Determine a suitable cross section for a channel to carry an estimated runoff of 340 ft3/sec if the slope of the channel is 1% and Manning's roughness coefficient, n, is 0.015. Sel... Determine a suitable cross section for a channel to carry an estimated runoff of 340 ft3/sec if the slope of the channel is 1% and Manning's roughness coefficient, n, is 0.015. Select a channel section and then use Manning's formula to determine the flow depth required for the estimated runoff. Assume a rectangular channel 6 ft wide. Read more

Steps to Solve

1. State Manning's Formula

Manning's formula is given as: $Q = (\frac{1.486}{n}) AR^{2/3}S^{1/2}$

2. Substitute known variables

We are given $Q = 340 \text{ ft}^3/\text{sec}$, $n = 0.015$, $S = 1% = 0.01$.

3. Substitute geometric relationships

We also have $A = 6d$ and $R = \frac{6d}{6+2d}$. Substitute these into Manning's formula:

$340 = (\frac{1.486}{0.015}) (6d) (\frac{6d}{6+2d})^{2/3} (0.01)^{1/2}$

4. Simplify the equation

Simplify the constants: $340 = (99.067) (6d) (\frac{6d}{6+2d})^{2/3} (0.1)$ $340 = 9.9067 (6d) (\frac{6d}{6+2d})^{2/3}$ $340 = 59.44 d (\frac{6d}{6+2d})^{2/3}$

5. Isolate the term with 'd'

Divide both sides by $59.44$:

$\frac{340}{59.44} = d (\frac{6d}{6+2d})^{2/3}$ $5.72 = d (\frac{6d}{6+2d})^{2/3}$

6. Solve for d

This equation is difficult to solve analytically, so we can use numerical methods or trial and error to find the value of $d$. By inspection, we can try different values of $d$.

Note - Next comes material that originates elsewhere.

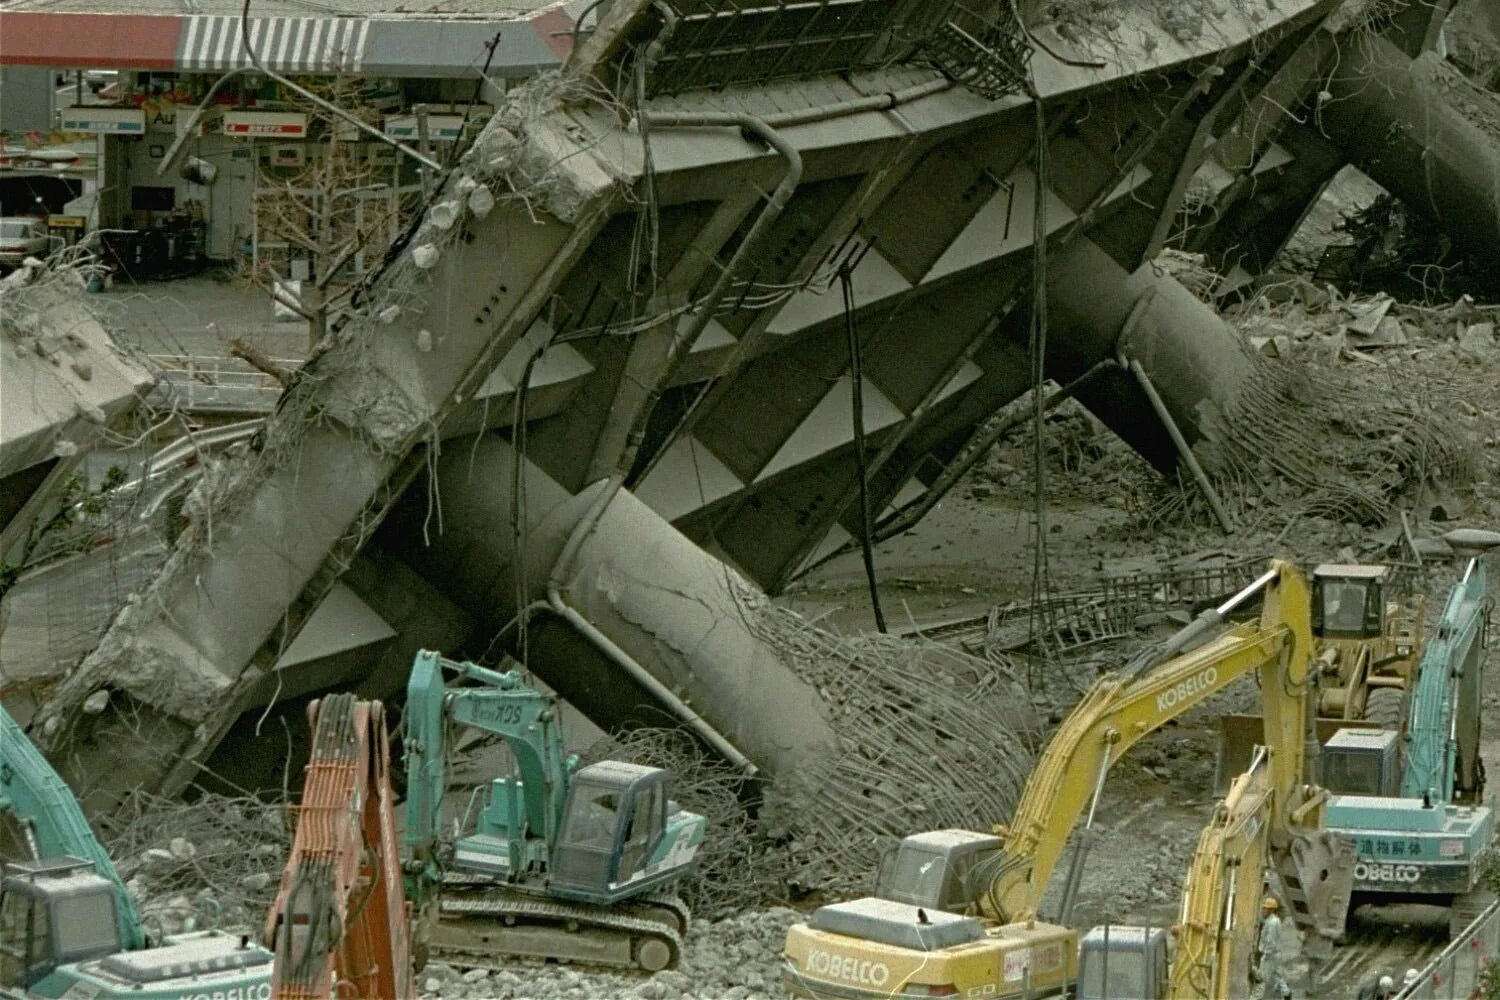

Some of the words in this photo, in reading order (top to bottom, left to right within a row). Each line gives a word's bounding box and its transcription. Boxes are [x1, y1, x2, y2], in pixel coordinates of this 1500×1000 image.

[1157, 667, 1218, 712] KOBELCO
[1354, 864, 1421, 882] OBELCO
[806, 949, 889, 987] KOBELCO

Let's try $d=3$: $3 (\frac{6(3)}{6+2(3)})^{2/3} = 3 (\frac{18}{12})^{2/3} = 3 (1.5)^{2/3} = 3 * 1.31 = 3.93 \neq 5.72 $

Now, let's try $d=4$: $4 (\frac{6(4)}{6+2(4)})^{2/3} = 4 (\frac{24}{14})^{2/3} = 4 (1.714)^{2/3} = 4 * 1.43 = 5.72 $

Therefore, by trial and error, $d \approx 4 \text{ ft}$.